Nato dalla prolifica penna di Emanuela A. Imineo, Il vuoto di Yamauba si presenta come il retelling di una delle leggende giapponesi più conosciute, quello che ha per protagonista la figura di Yamauba: anziana strega terrificante che divora carne umana ma anche donna che ha allevato l’eroe guerriero Kintaro.
Cosa posso dire, innanzitutto non aspettatevi un romanzo dai tratti dolceamari, proprio no: il dolce non è che un debole ricordo sovrastato dal dolore, dal tormento e dalla pazzia in cui cade, rimanendone completamente avvinghiata, la nostra protagonista.

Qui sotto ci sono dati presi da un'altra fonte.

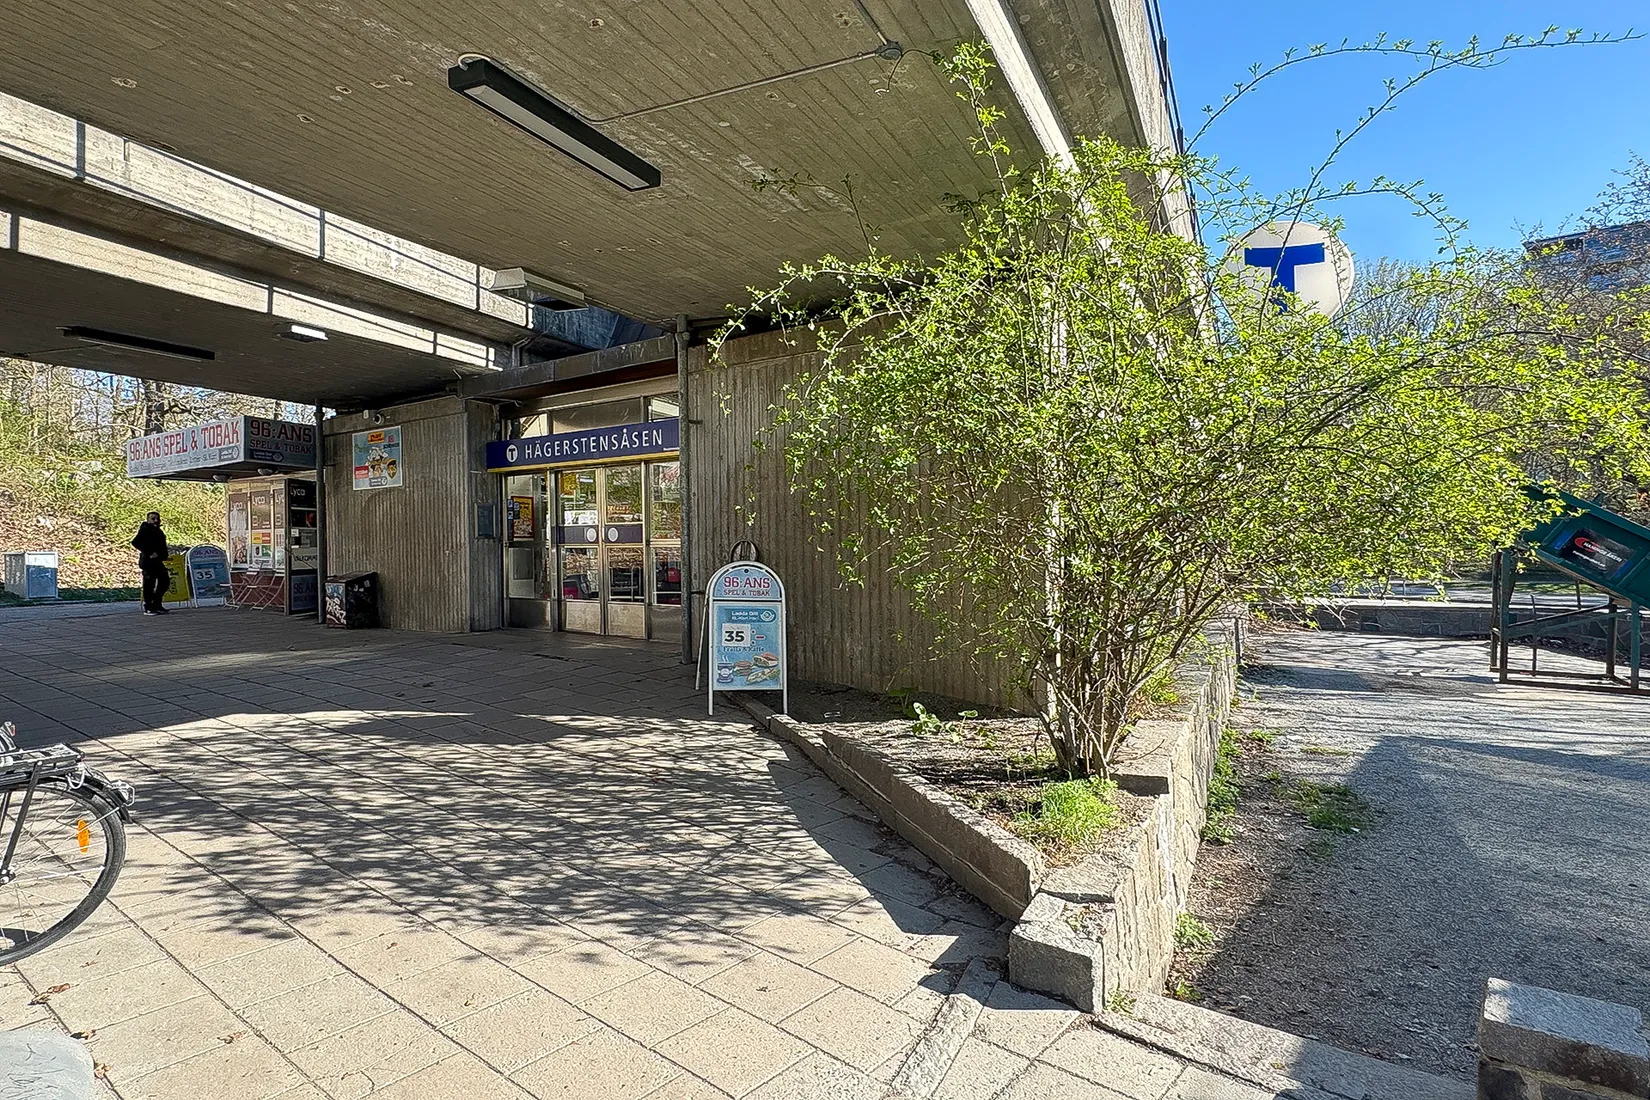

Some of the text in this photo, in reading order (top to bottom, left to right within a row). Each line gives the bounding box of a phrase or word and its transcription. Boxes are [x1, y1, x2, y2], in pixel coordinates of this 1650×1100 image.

[250, 419, 312, 443] 96:ANS
[129, 421, 240, 462] 96:ANS SPEL & TOBAK
[250, 440, 272, 450] SPEL
[284, 443, 312, 454] TOBAK
[525, 428, 662, 460] HÄGERSTENSÅSEN
[290, 486, 306, 496] Lyca
[252, 495, 266, 505] Lyca
[197, 570, 213, 580] 35
[723, 576, 771, 589] 96:ANS
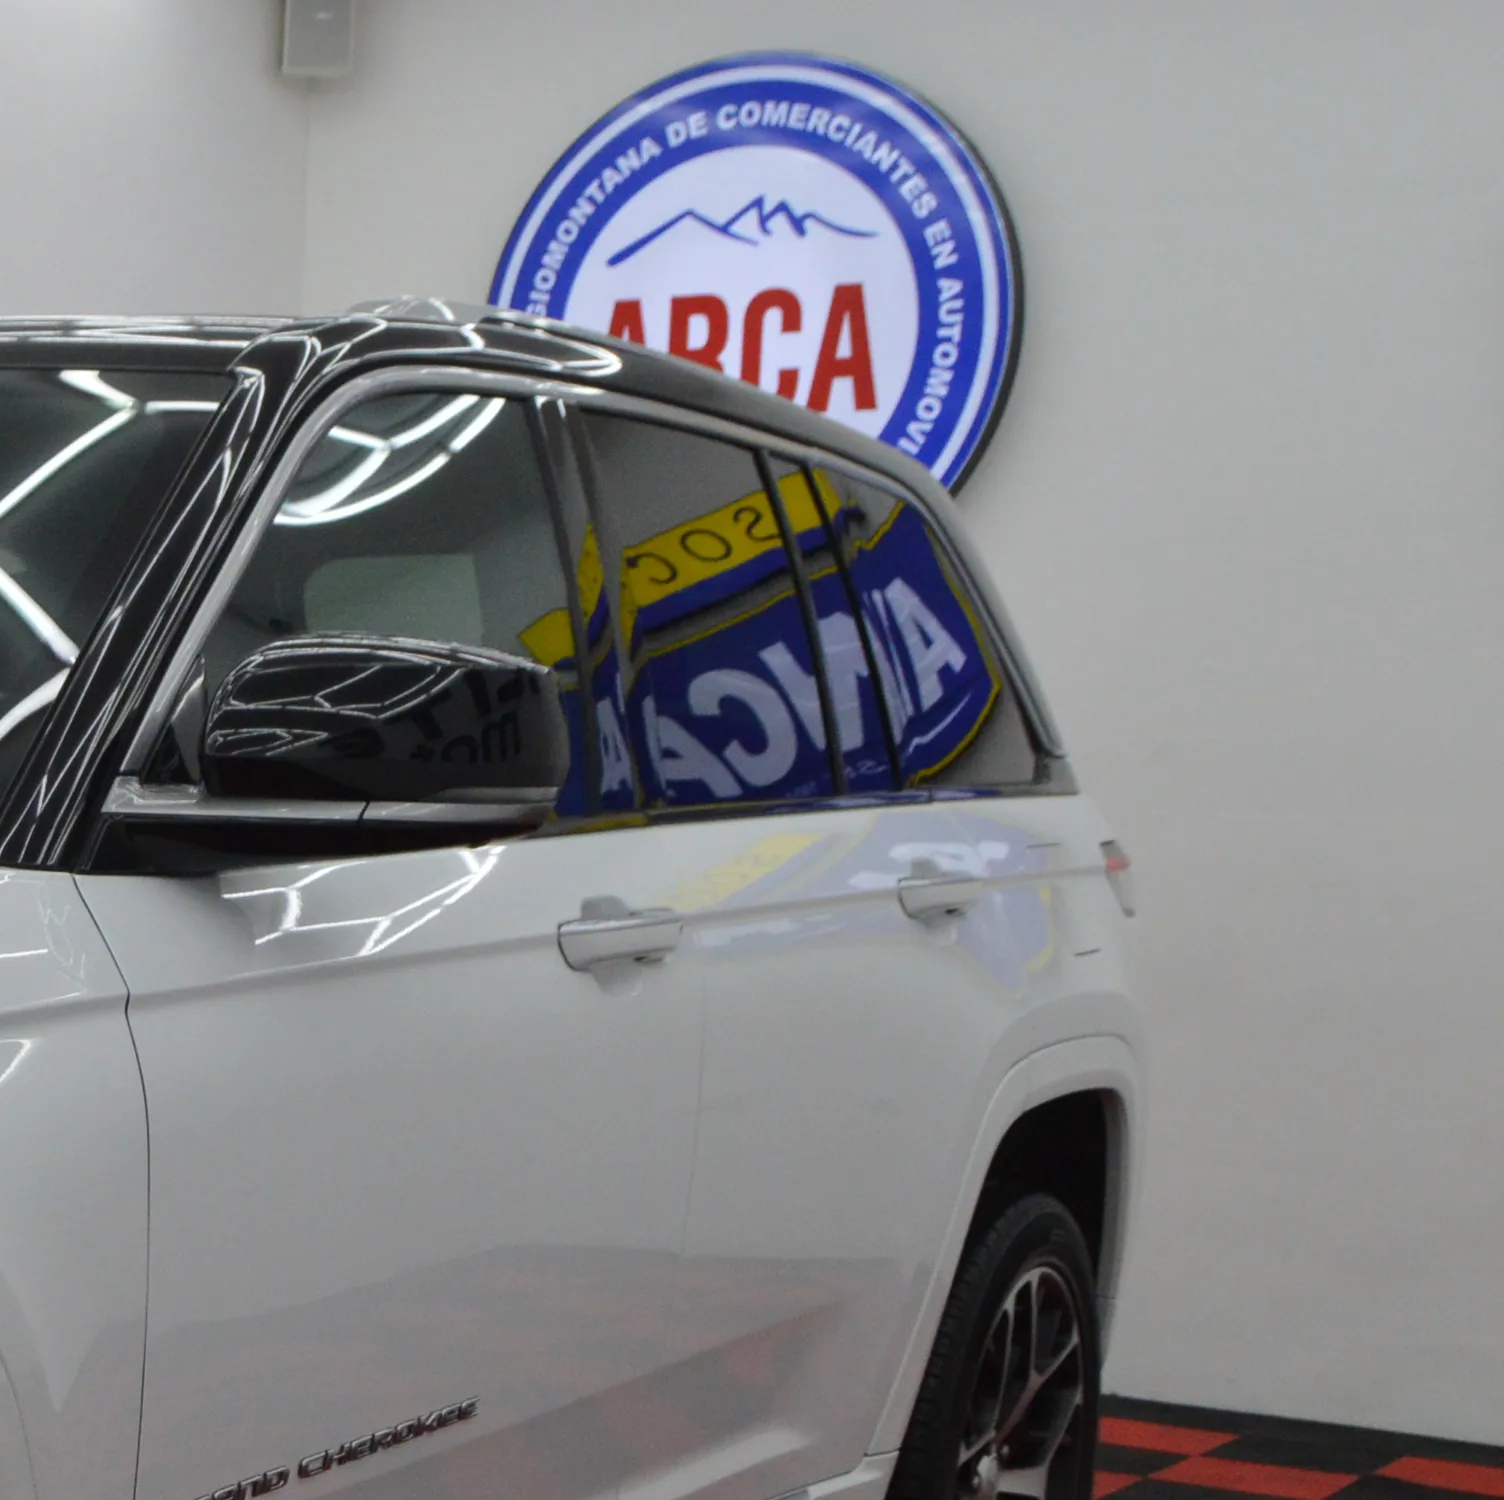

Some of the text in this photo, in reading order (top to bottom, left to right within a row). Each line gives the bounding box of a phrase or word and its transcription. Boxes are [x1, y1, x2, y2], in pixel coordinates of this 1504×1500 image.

[525, 100, 964, 455] GIOMONTANA DE COMERCIANTES EN AUTOMOVI
[297, 1395, 480, 1478] CHEROKEE

Siamo nel Giappone feudale e Yamauba possiede tutto ciò che ha sempre voluto: un marito a cui essere devota e, soprattutto, un figlio a cui donare tutto l’amore di cui è capace. Tuttavia la sua felicità ha vita breve e un piano terribile, ordito ai suoi danni, la porterà ad essere odiata, ripudiata ed esiliata; complice una boccetta di “veleno” in grado di conferire una morte apparente (un po’ come quella shakespeariana che Frate Lorenzo dona a Giulietta, per capirsi), il marito fa credere alla donna di aver causato, nutrendolo col proprio latte, la morte del figlio. E’ da questo punto, praticamente dopo un paio di pagine, che inizia l’agonia della protagonista e, pian piano, la sua metamorfosi nella figura leggendaria della strega cannibale.

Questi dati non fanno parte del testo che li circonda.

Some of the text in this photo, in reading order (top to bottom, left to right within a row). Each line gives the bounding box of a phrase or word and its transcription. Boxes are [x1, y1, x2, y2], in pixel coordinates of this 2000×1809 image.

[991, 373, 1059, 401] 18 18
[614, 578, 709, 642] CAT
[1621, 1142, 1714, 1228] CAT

Un vortice di dolore capace di avvolgere il lettore, tormentarlo man mano che la lettura prosegue e gettarlo, in compagnia di Yamauba, nel baratro della follia. Un tratto che apprezzo e amo dello stile di Emanuela è che, anche grazie al suo essere diretta – per quanto brutale, ogni sfumatura della personalità di un personaggio è approfondita ed esaltata al massimo affinché chi legge sia capace di catturarne l’essenza. Leggendo riuscivo a sentire ogni sentimento provato dalla protagonista, dalle vittime e, da esterna, una rabbia verso quel pezzo di.. ok, avete capito.. del marito. Vi giuro che sarei volentieri entrata nel romanzo per usarlo come sacco da boxe.. ma sto divagando.
Scrivere del Giappone non è semplice, complice la distanza culturale e le innumerevoli figure mitologiche e folcloristiche, ma l'autrice è riuscita a rendere - grazie ad uno studio a monte - davvero in maniera molto genuina un'epoca a dir poco affascinante. Non me la sento di scendere troppo nei particolari della storia, perché va letta e - passatemi il termine - vissuta da lettore, ma posso dirvi che non è adatta a chiunque. "Quando guardi a lungo nell'abisso, l'abisso ti guarda dentro" credo non ci sia citazione più adatta a racchiudere ciò che riesce a suscitare questo romanzo, o almeno che ha suscitato in me. Una lettura, per giungere al termine, che rifarei nonostante il dolore capace di trasmettere in più di una scena.